* [Aim of the task]: Return every record below exactly as written, omitting any pictures.

━━━ Data in this exercise

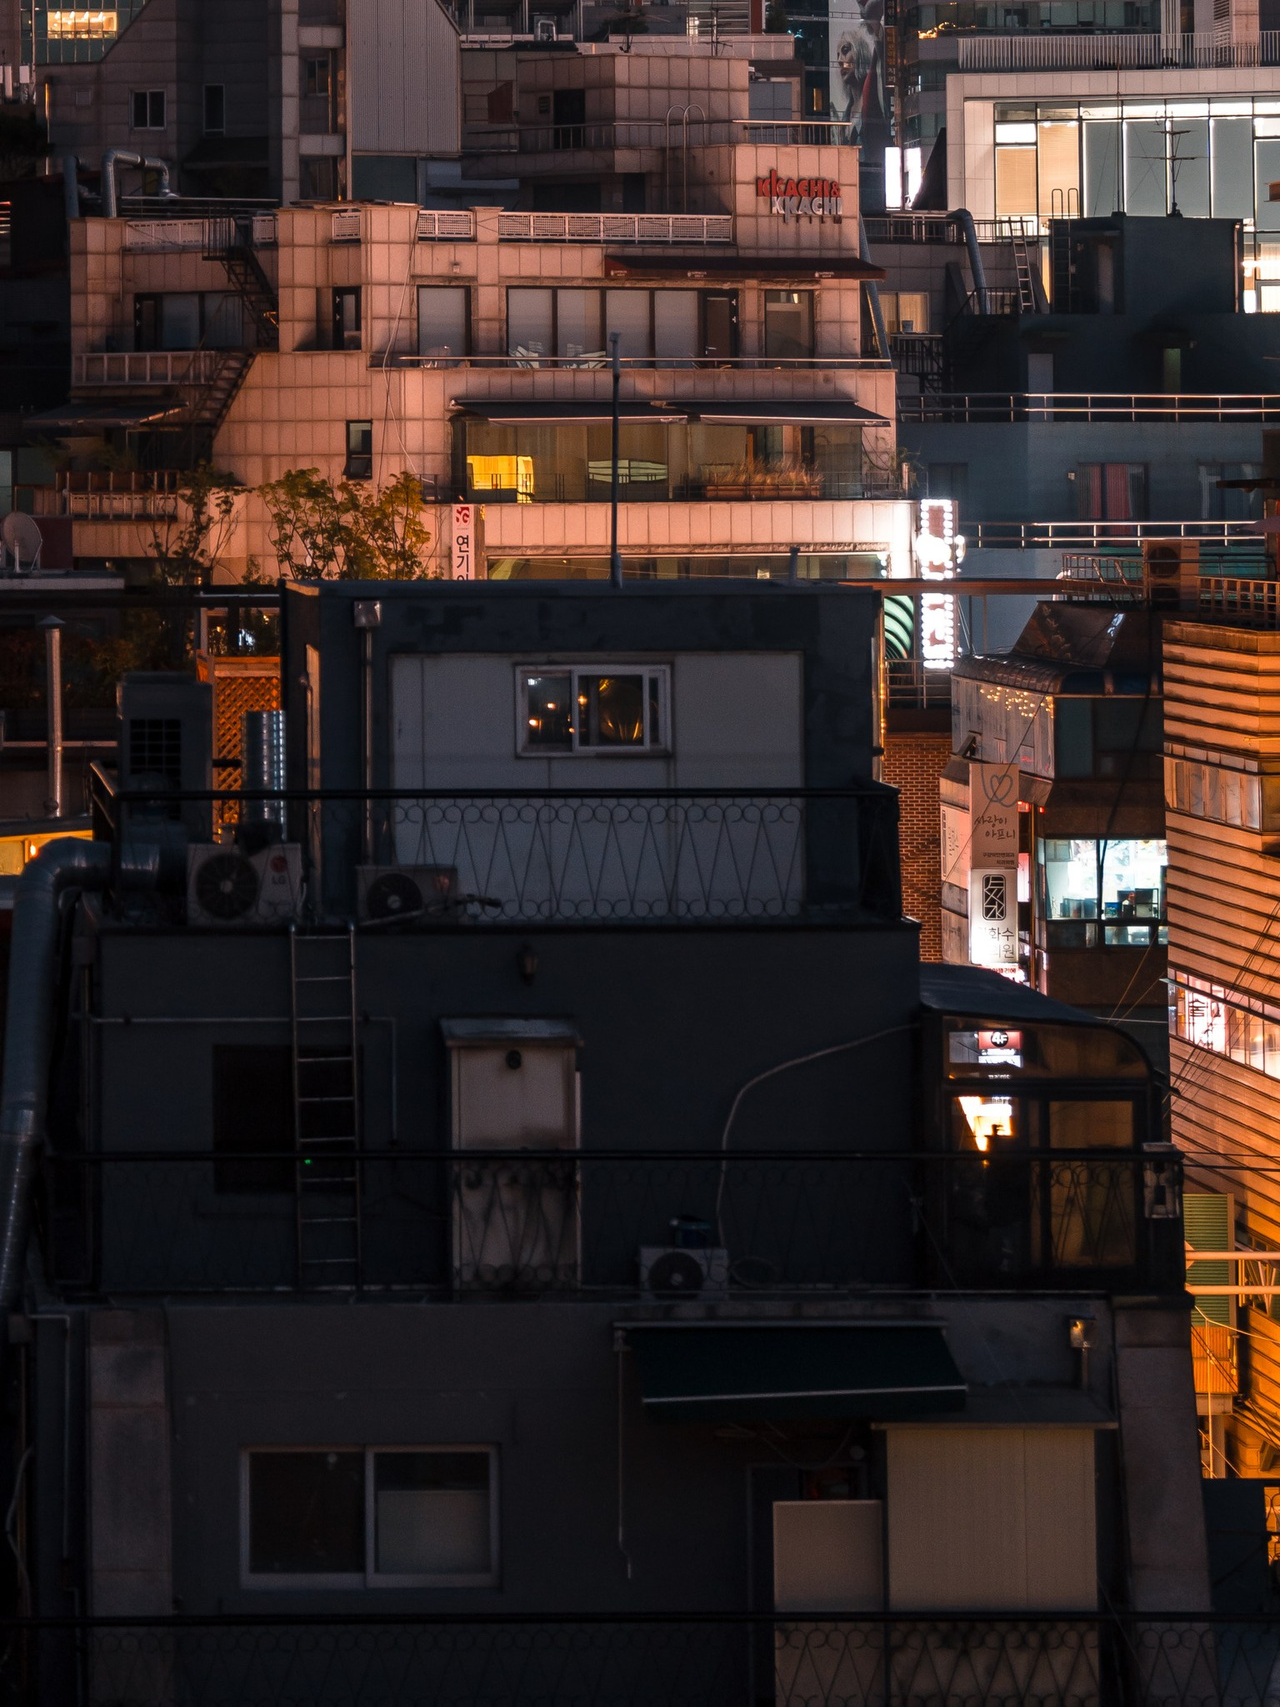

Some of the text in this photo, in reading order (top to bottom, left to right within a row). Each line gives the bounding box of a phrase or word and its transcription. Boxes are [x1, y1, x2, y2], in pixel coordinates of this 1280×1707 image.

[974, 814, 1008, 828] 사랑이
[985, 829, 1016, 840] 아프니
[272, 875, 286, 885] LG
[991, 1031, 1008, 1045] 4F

━━━━━━

* [Task answer]:
Some of the text in this photo, in reading order (top to bottom, left to right within a row). Each line gives the bounding box of a phrase or word and its transcription. Boxes are [x1, y1, x2, y2], in pixel coordinates of this 1280×1707 image.

[974, 814, 1008, 828] 사랑이
[985, 829, 1016, 840] 아프니
[272, 875, 286, 885] LG
[991, 1031, 1008, 1045] 4F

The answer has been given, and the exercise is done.